Canadian singer-songwriter from Quebec (born 1986)

Salomé Leclerc (born April 27, 1986) is a Canadian singer-songwriter from Quebec.

==Biography==
Leclerc studied music at the École de la chanson de Granby, before releasing her debut album Sous les arbres in 2011. She received a SOCAN Songwriting Prize nomination in 2012 for the song "Dans la prairie".

She followed up in 2014 with 27 fois l'aurore. She performed at the Francofolies de Spa in May 2015, where she won the Prix Rapsat-Lelièvre, and at the Francofolies de Montréal in June 2015, where she won the Prix Félix-Leclerc. In the same year, she received a second SOCAN Songwriting Prize nomination in 2015 for the song "Arlon".
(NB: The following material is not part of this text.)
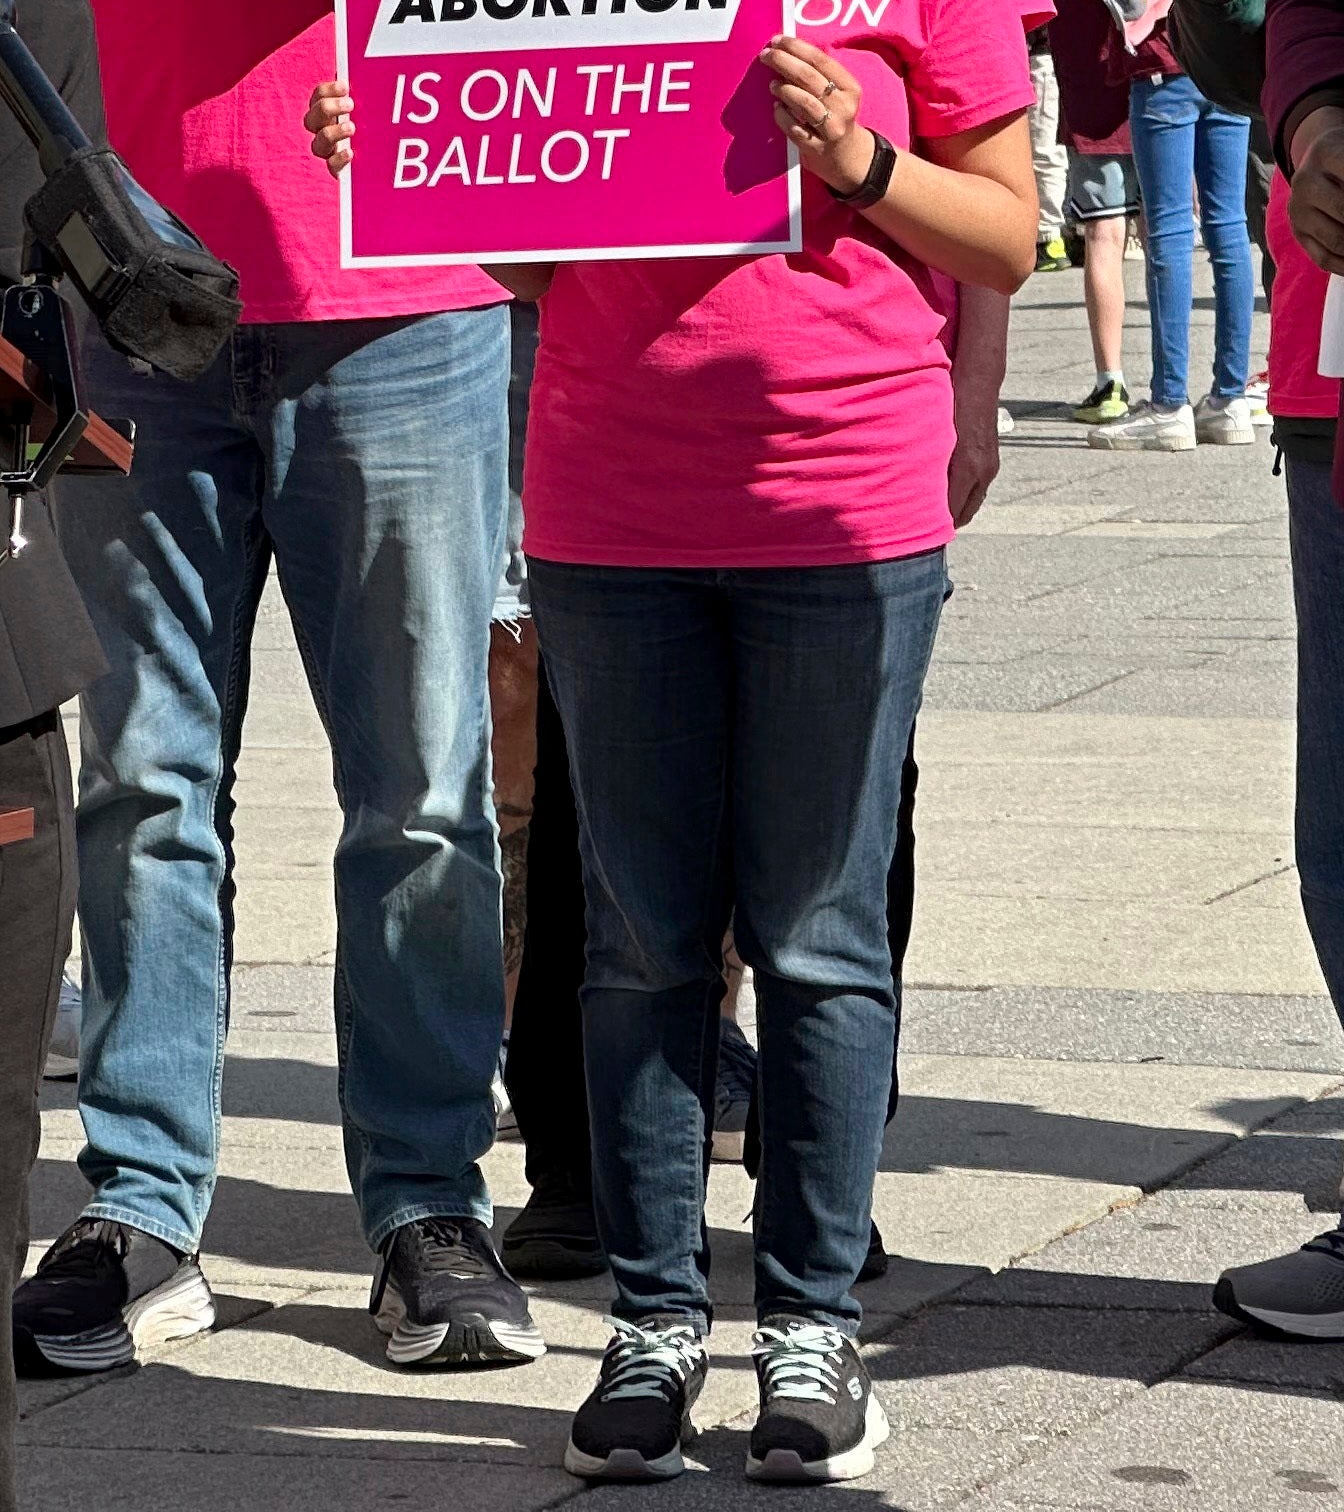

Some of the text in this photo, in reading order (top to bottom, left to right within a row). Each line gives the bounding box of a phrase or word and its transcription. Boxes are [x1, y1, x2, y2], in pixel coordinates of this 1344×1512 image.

In 2016 she released the EP Live au Treatment, comprising four songs recorded at Philippe Brault's Treatment Room studio.

Her third album, Les choses extérieures, was released in 2018, and was a longlisted nominee for the 2019 Polaris Music Prize.

She has also performed in the group Louve, with Marie-Pierre Arthur, Ariane Moffatt, Amylie and Laurence Lafond-Beaulne.

==Discography==
- Sous les arbres (2011)
- 27 fois l'aurore (2014)
- Live au Treatment (2016)
- Les choses extérieures (2018)
- Mille ouvrages mon cœur (2021)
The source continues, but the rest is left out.